EXERCISE DIRECTIONS – Transcribe every entry that follows exactly, omitting all pictures.

:::::

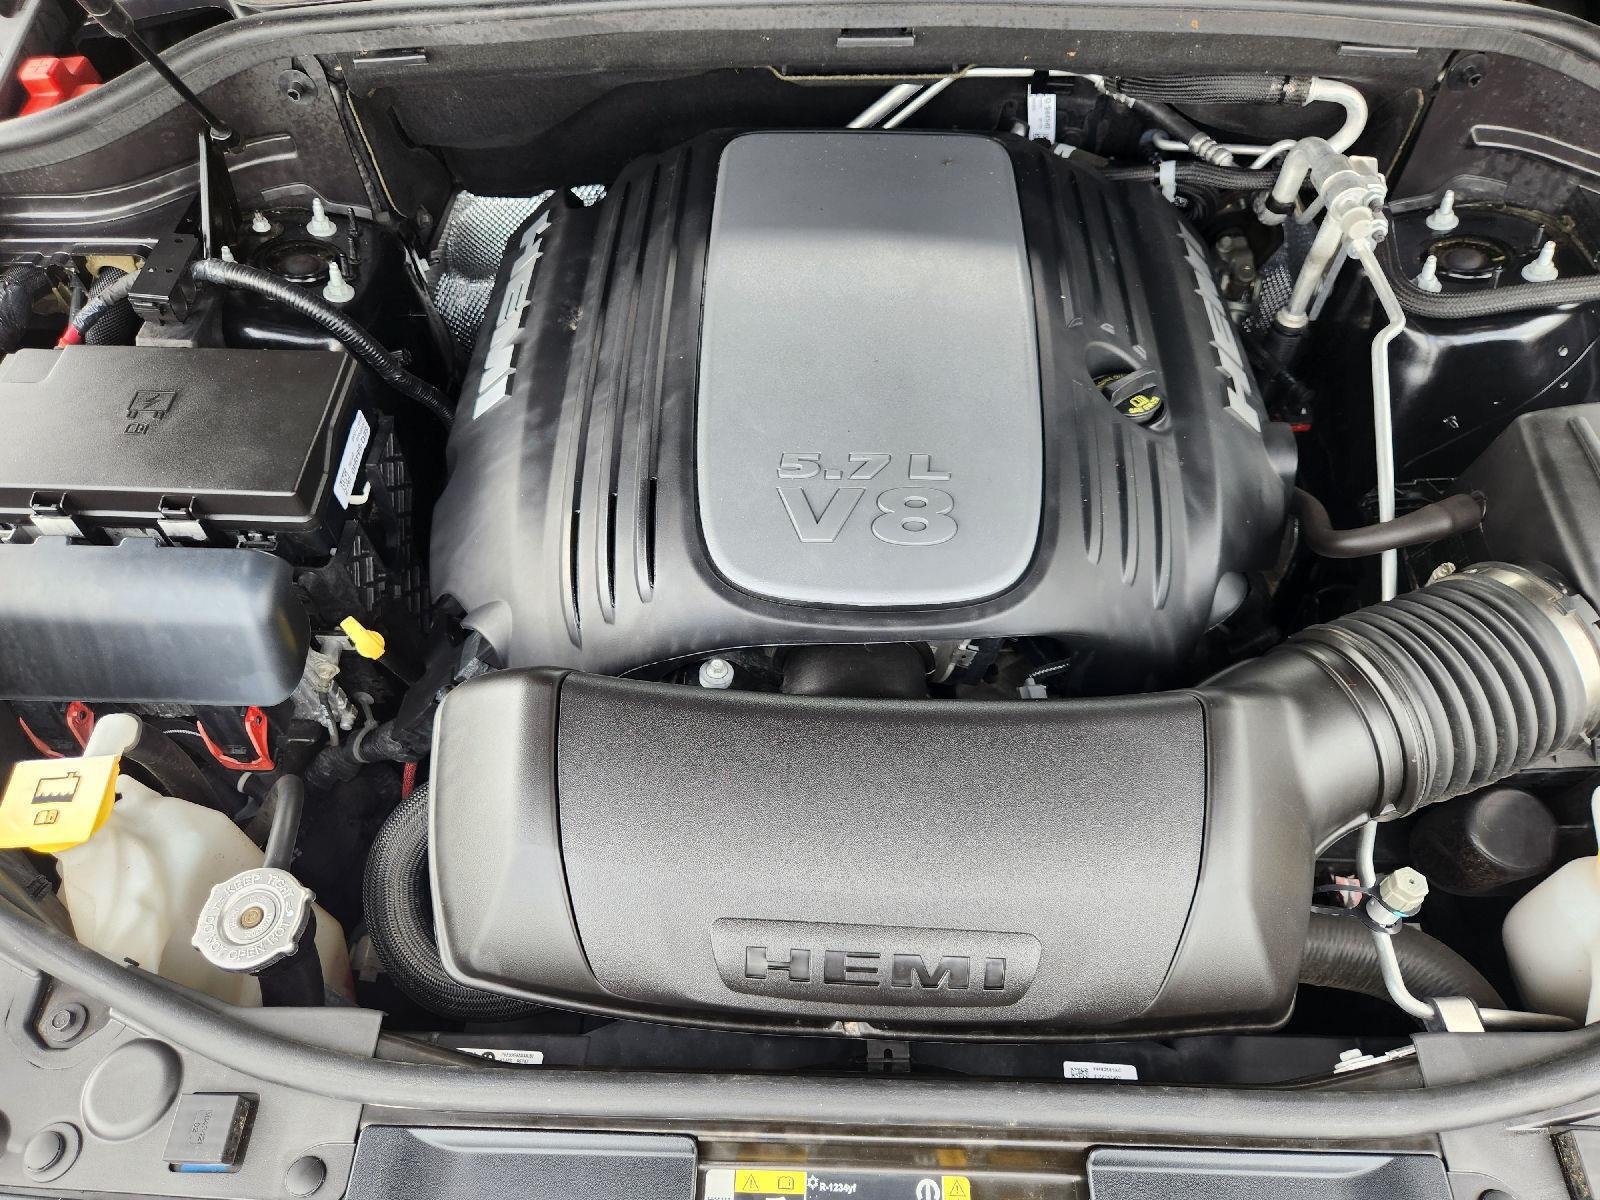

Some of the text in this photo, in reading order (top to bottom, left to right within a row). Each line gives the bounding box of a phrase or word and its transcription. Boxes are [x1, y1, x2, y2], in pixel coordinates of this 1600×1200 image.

[472, 209, 552, 420] HEMI
[1176, 219, 1262, 432] HEMI
[776, 451, 952, 481] 5.7 L
[775, 486, 959, 546] V8
[744, 945, 1007, 991] HEMI
[819, 1181, 858, 1195] R-1234yf
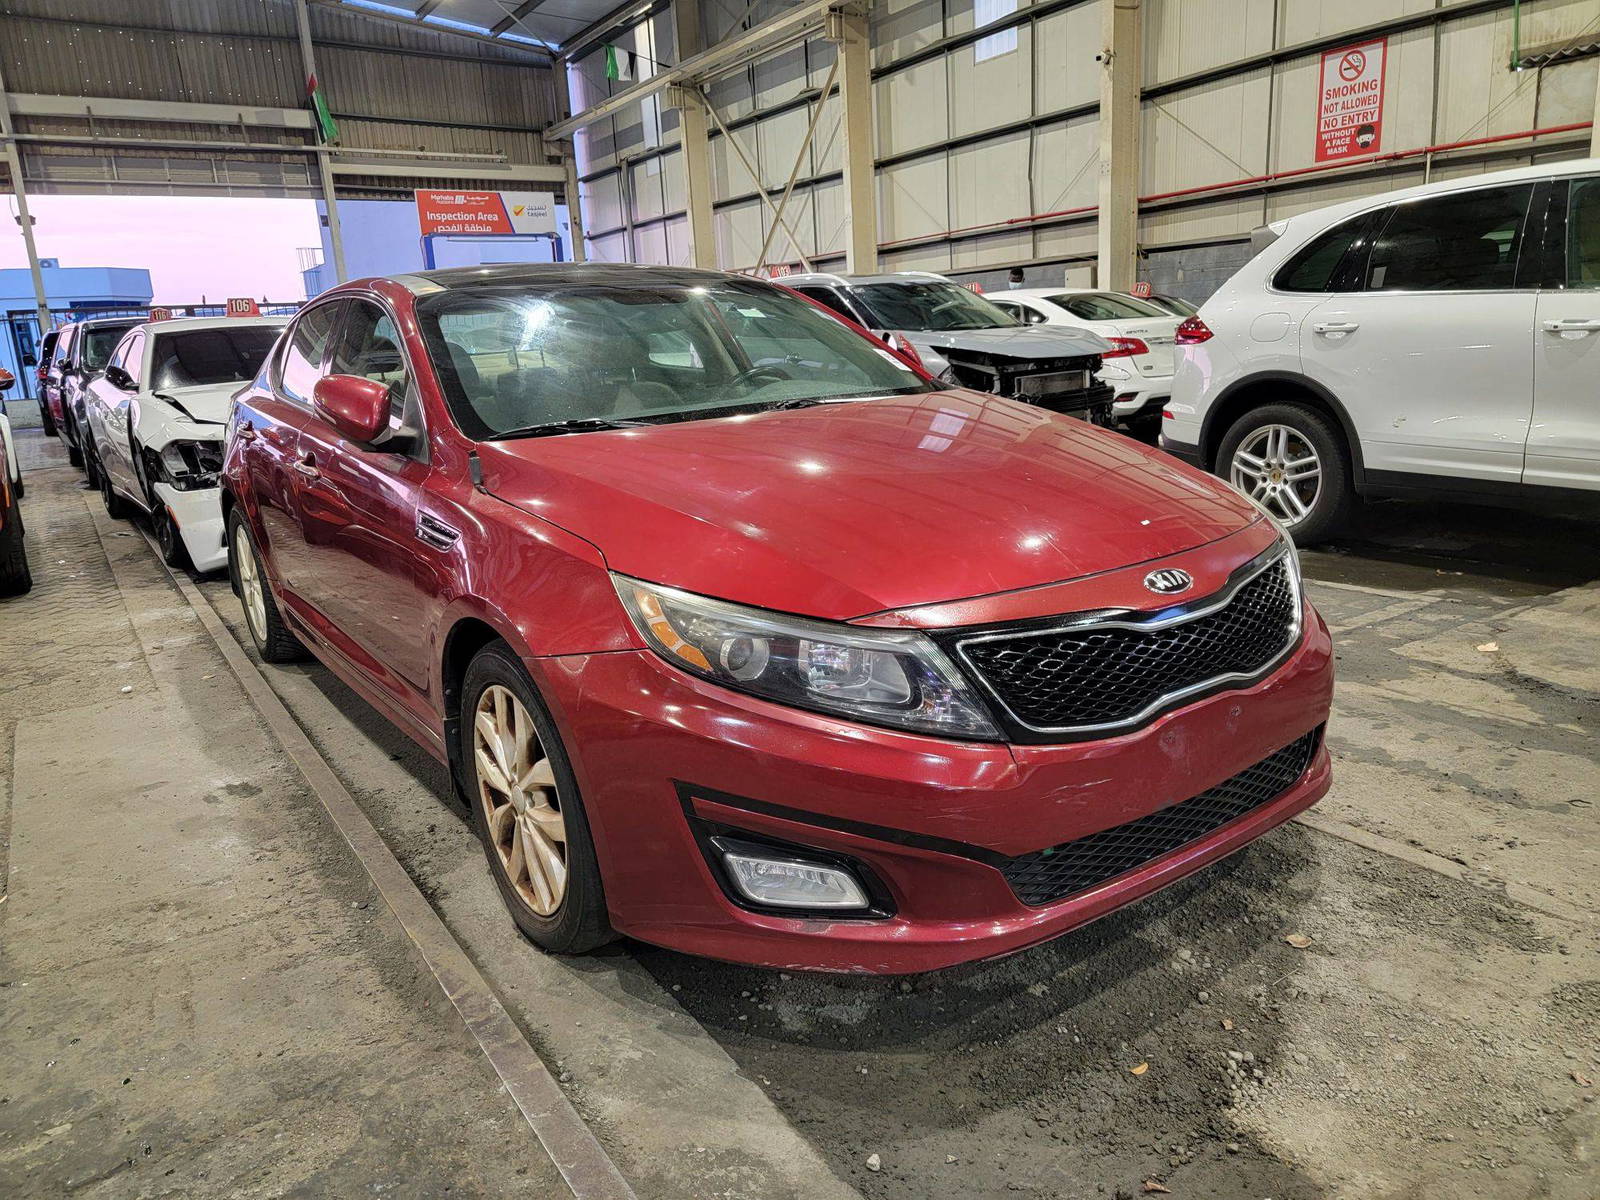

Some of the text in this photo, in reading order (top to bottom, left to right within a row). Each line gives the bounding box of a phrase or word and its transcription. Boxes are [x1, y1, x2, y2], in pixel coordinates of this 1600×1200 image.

[1325, 79, 1378, 100] SMOKING
[1323, 94, 1378, 115] NOT ALLOWED
[1323, 110, 1377, 130] NO ENTRY
[1321, 128, 1356, 140] WITHOUT
[1332, 137, 1351, 147] FACE
[1326, 146, 1348, 155] MASK
[426, 211, 499, 222] Inspection Area
[231, 299, 250, 312] 106
[154, 311, 167, 320] 116
[1145, 570, 1190, 590] KIA
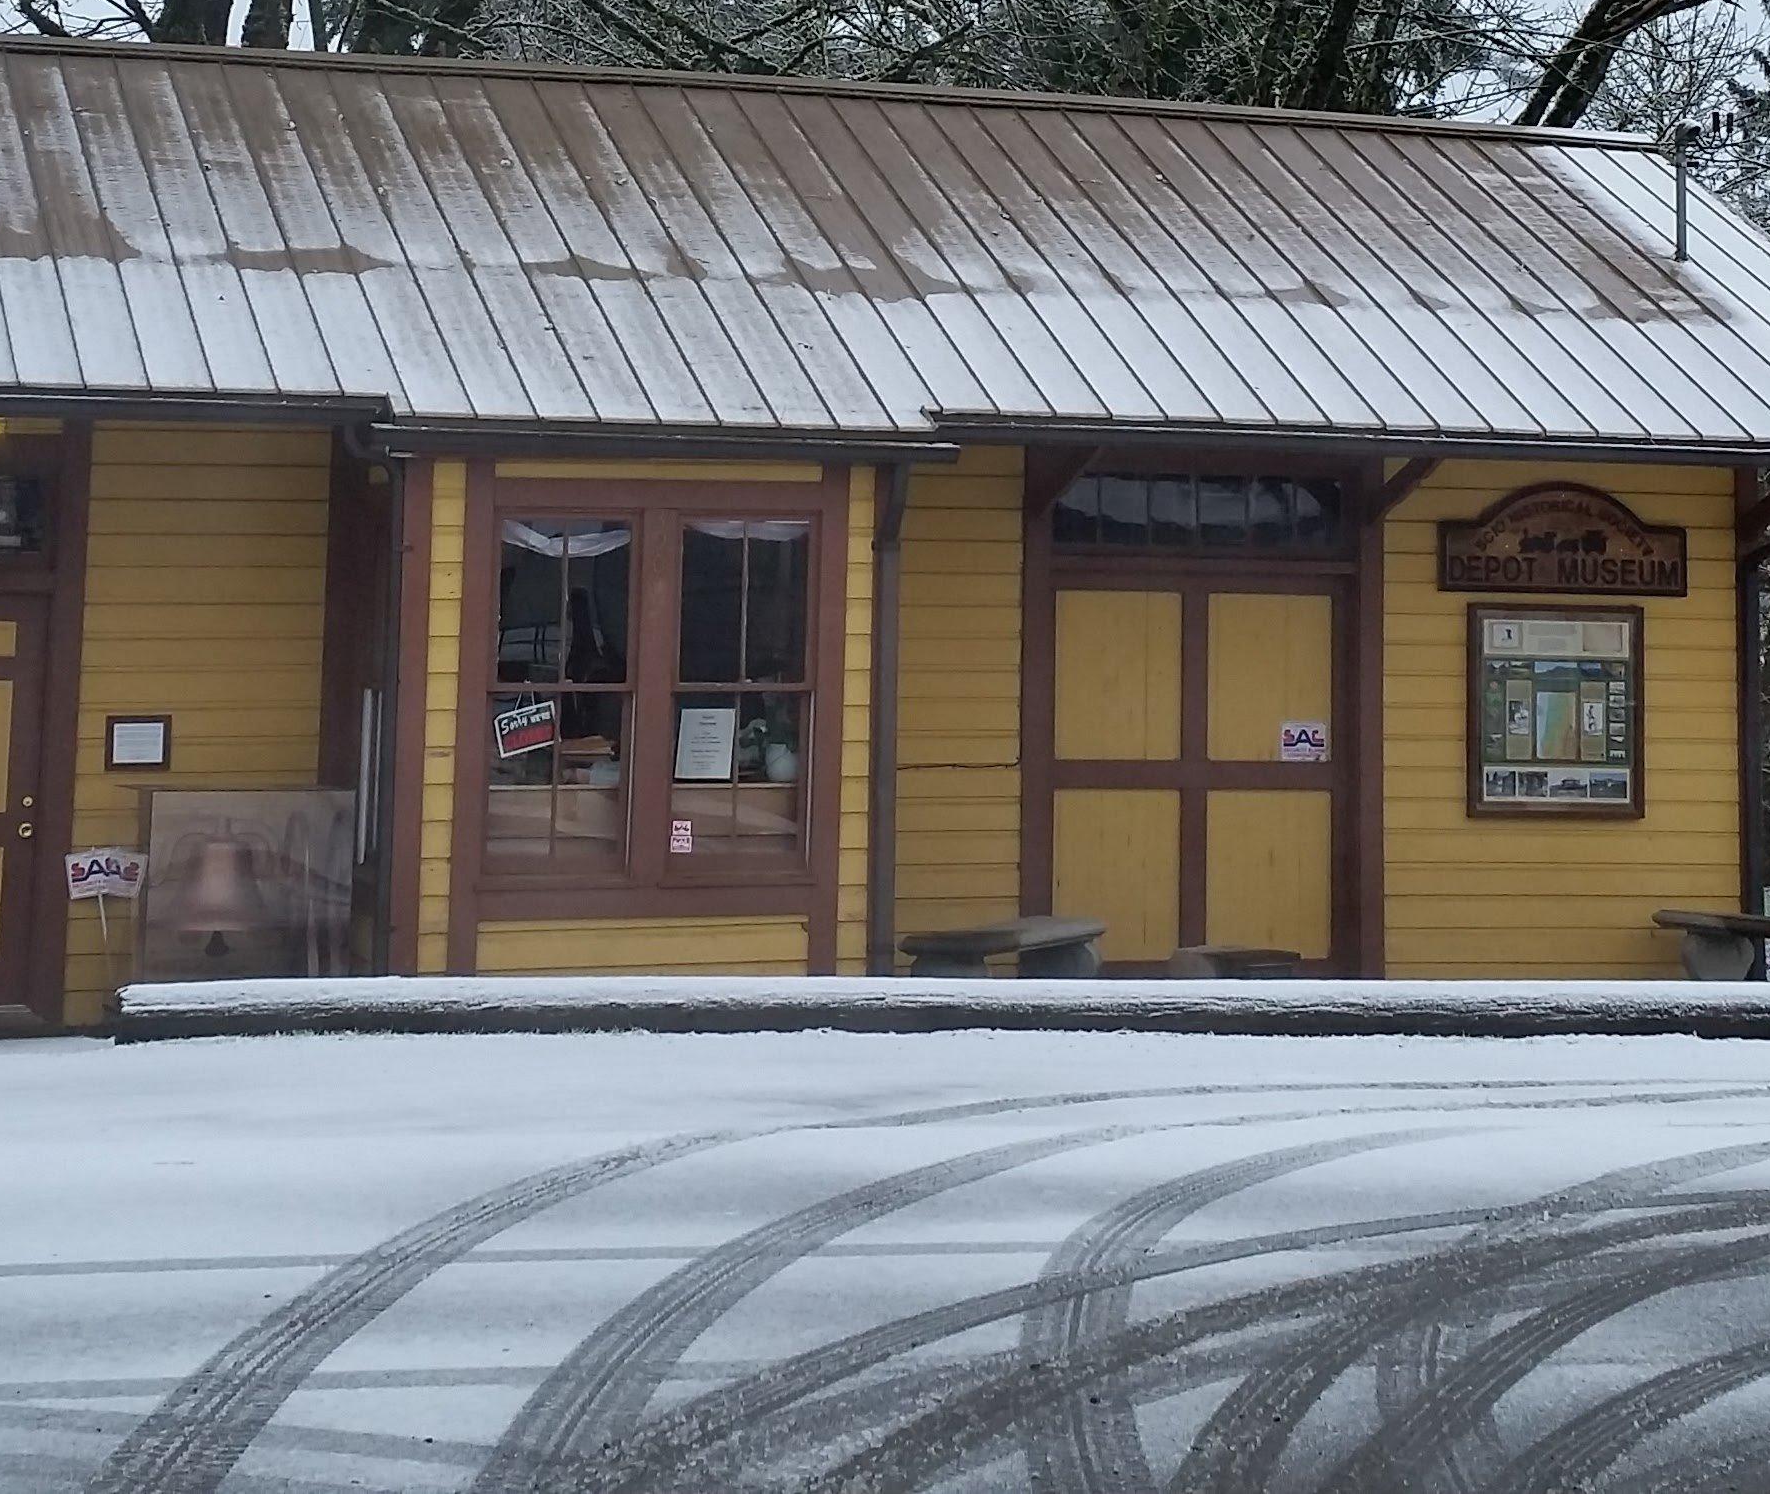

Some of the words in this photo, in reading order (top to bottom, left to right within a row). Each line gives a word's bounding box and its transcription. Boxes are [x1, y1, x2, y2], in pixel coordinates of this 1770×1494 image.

[1473, 520, 1507, 552] SCIO
[1448, 554, 1538, 583] DEPOT
[1557, 557, 1679, 587] MUSEUM
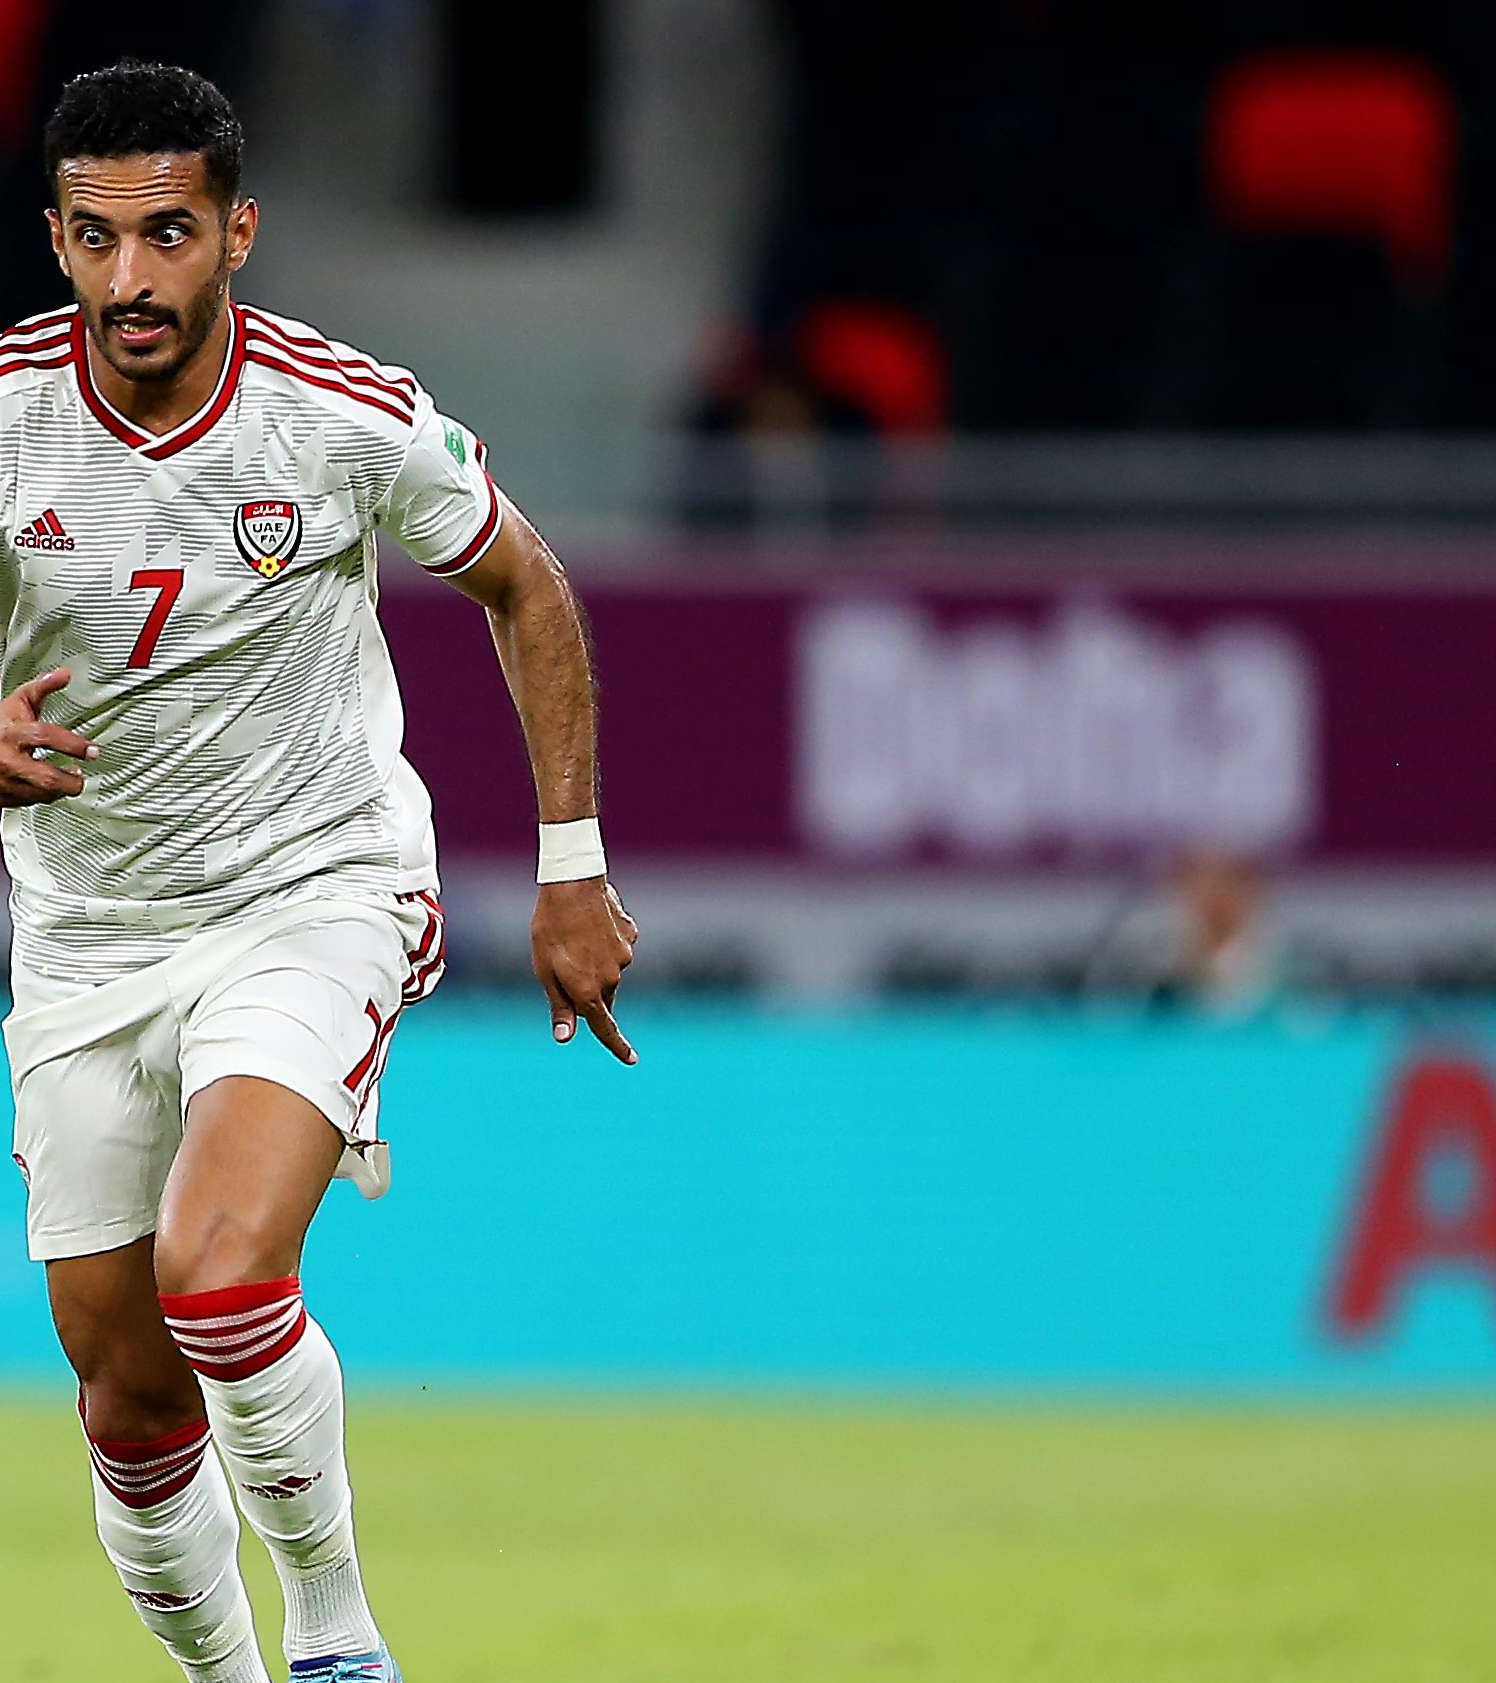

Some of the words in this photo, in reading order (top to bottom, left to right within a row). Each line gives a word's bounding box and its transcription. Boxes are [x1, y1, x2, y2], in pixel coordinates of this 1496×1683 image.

:::::

REPLY TO THE EXERCISE –
Some of the text in this photo, in reading order (top to bottom, left to right within a row). Each line gives the bounding box of a phrase or word and its transcription. Boxes are [x1, y1, x2, y2], in pixel coordinates of this 1600×1200 image.

[472, 209, 552, 420] HEMI
[1176, 219, 1262, 432] HEMI
[776, 451, 952, 481] 5.7 L
[775, 486, 959, 546] V8
[744, 945, 1007, 991] HEMI
[819, 1181, 858, 1195] R-1234yf

Some of the text in this photo, in reading order (top to bottom, left to right within a row). Each line gives the bounding box of a phrase or word and its transcription. Boxes are [x1, y1, x2, y2], in pixel coordinates of this 1600×1200 image.

[1325, 79, 1378, 100] SMOKING
[1323, 94, 1378, 115] NOT ALLOWED
[1323, 110, 1377, 130] NO ENTRY
[1321, 128, 1356, 140] WITHOUT
[1332, 137, 1351, 147] FACE
[1326, 146, 1348, 155] MASK
[426, 211, 499, 222] Inspection Area
[231, 299, 250, 312] 106
[154, 311, 167, 320] 116
[1145, 570, 1190, 590] KIA

Some of the words in this photo, in reading order (top to bottom, left to right within a row). Each line gives a word's bounding box and its transcription. Boxes are [x1, y1, x2, y2], in pixel coordinates of this 1770×1494 image.

[1473, 520, 1507, 552] SCIO
[1448, 554, 1538, 583] DEPOT
[1557, 557, 1679, 587] MUSEUM

Some of the words in this photo, in reading order (top to bottom, left to right within a row). Each line gives a word's bounding box and its transcription. Boxes are [x1, y1, x2, y2], in pixel coordinates of this 1496×1683 image.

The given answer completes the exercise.